An interesting recent paper by Luciano Floridi, doyen of the philosophy of information, and his colleagues Min Chen and Rita Borgo asks what information visualization, one of the hottest topics in the information sciences over recent years in really for. Their answer is an intriguing one; it is not, as most visualization enthusiasts would have us believe about “gaining insight”; rather it is about saving time. As they cogently argue, an expert, given a set of relevant data, will find the interesting patterns in it sooner or later; appropriate visualization just helps them to do it more quickly and efficiently. This seems very good sense; but were I an information visualizer, I might feel a little deflated. Surely my expertise is about finding new knowledge and understanding in the data, not just about speeding the process up a bit.
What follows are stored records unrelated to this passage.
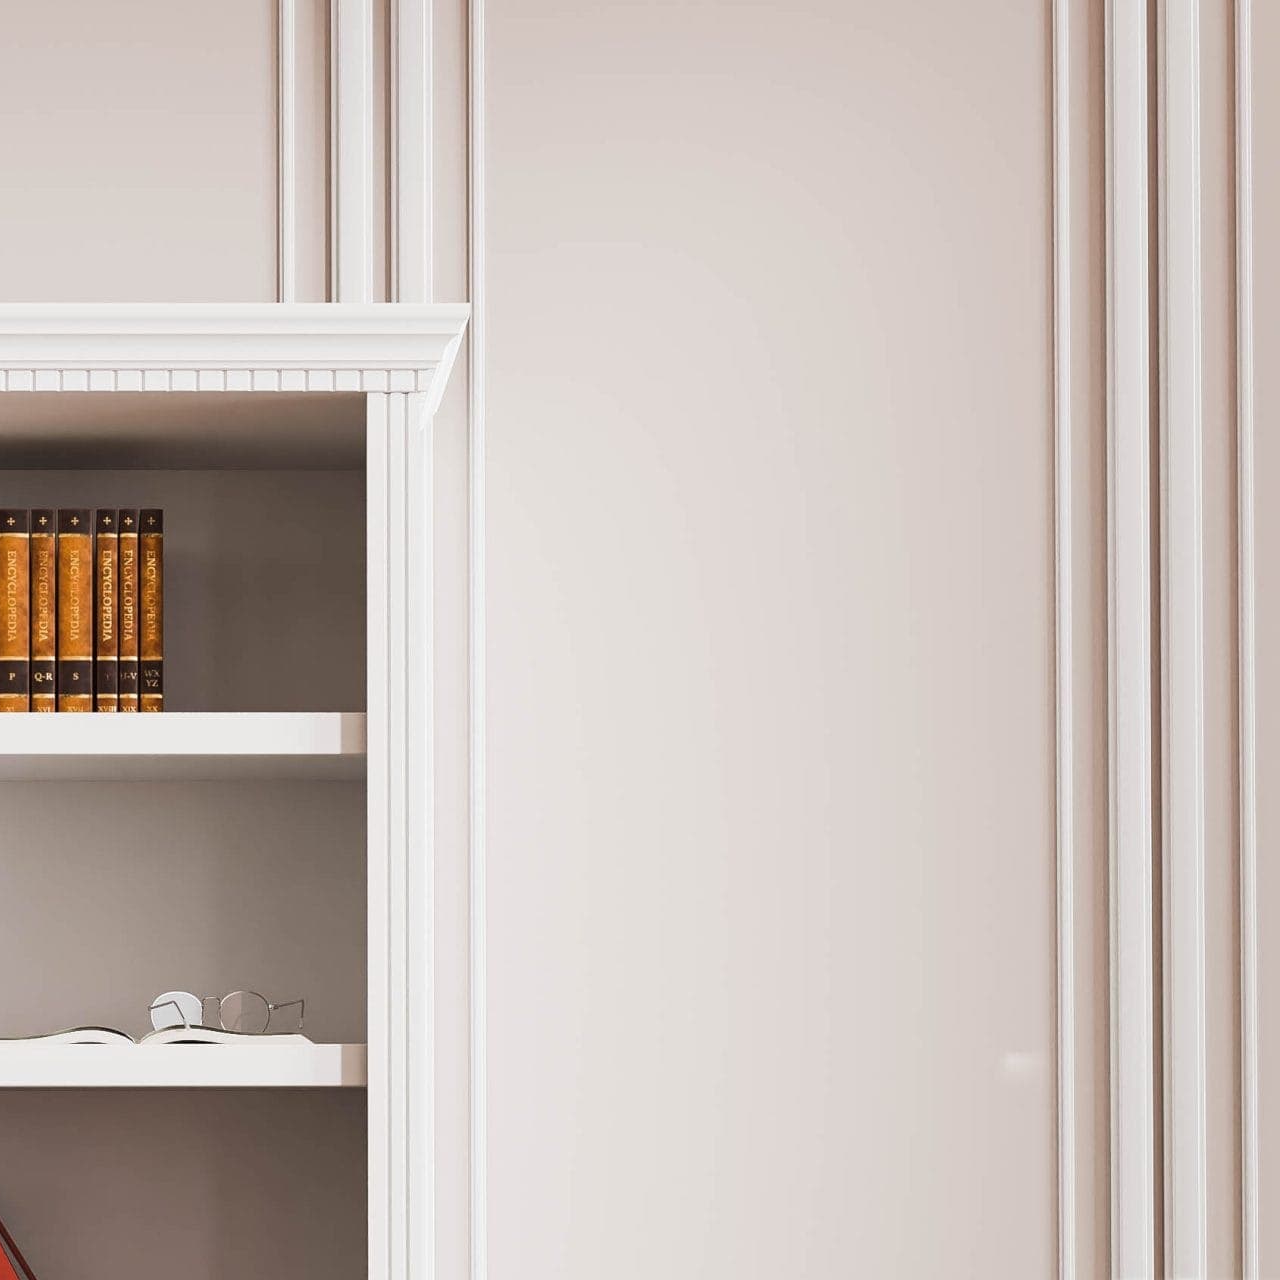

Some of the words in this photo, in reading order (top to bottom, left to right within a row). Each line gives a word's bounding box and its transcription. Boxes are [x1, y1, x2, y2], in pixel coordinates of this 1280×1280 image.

[7, 550, 16, 641] ENCYCLOPEDIA
[39, 550, 48, 642] ENCYCLOPEDIA
[70, 550, 79, 640] ENCYCLOPEDIA
[103, 550, 112, 641] ENCYCLOPEDIA
[124, 550, 133, 640] ENCYCLOPEDIA
[34, 672, 53, 682] Q-R
[72, 672, 79, 681] S
[146, 679, 159, 687] YZ
However, I fancy I see an analogy here, perhaps even an interesting one. ‘Saving time’ has been a major justification for information systems and services for all kinds: from the use of expert ‘information professionals’ to the provision of collections, datasets and interfaces of all kinds. The claim here is not that the ‘end user’ (as we used to call them) would be necessarily unable to find what they need themselves; rather than someone with a particular expertise and efficiency in searching, or in providing and customizing the necessary tools, will be able to get the task achieved much more quickly. Time saving has been claimed as a major impact in recent studies of health information services, special libraries, and academic libraries, but its importance has been recognized for many decades. ‘Save the time of the reader’ is Ranganathan’s Fourth Law, after all.
Although I have been happy enough myself to use ‘time saving’ as a measure of success in studies of the value and impact of information systems and services, I have always felt a little ambivalent about it. Surely that’s not all there is to information specialism; is it even the main thing? I have always liked the idea of information systems and services as providing insight and understanding, promoting creativity and stimulating innovation; not just saving a bit of time.
However, we can learn further lessons from the visualization example. Floridi and his colleagues point out that ‘insight’ is rather difficult to define and to measure; time saved is much readily quantifiable. And the argument that a system ‘will save you time’ is more likely to be accepted by experts on the data in question that suggestion that it “will give you ideas you had not though of’.
So perhaps this is the best strategy from information service providers in general; promote time saving as an objective metric for the value of information services, and one which will not provoke skepticism in the way that claims for ‘promoting innovation’ may do. But, quietly, do not give up on the idea that the main role for the information sciences is the promotion of understanding and insight, however difficult to measure these may be.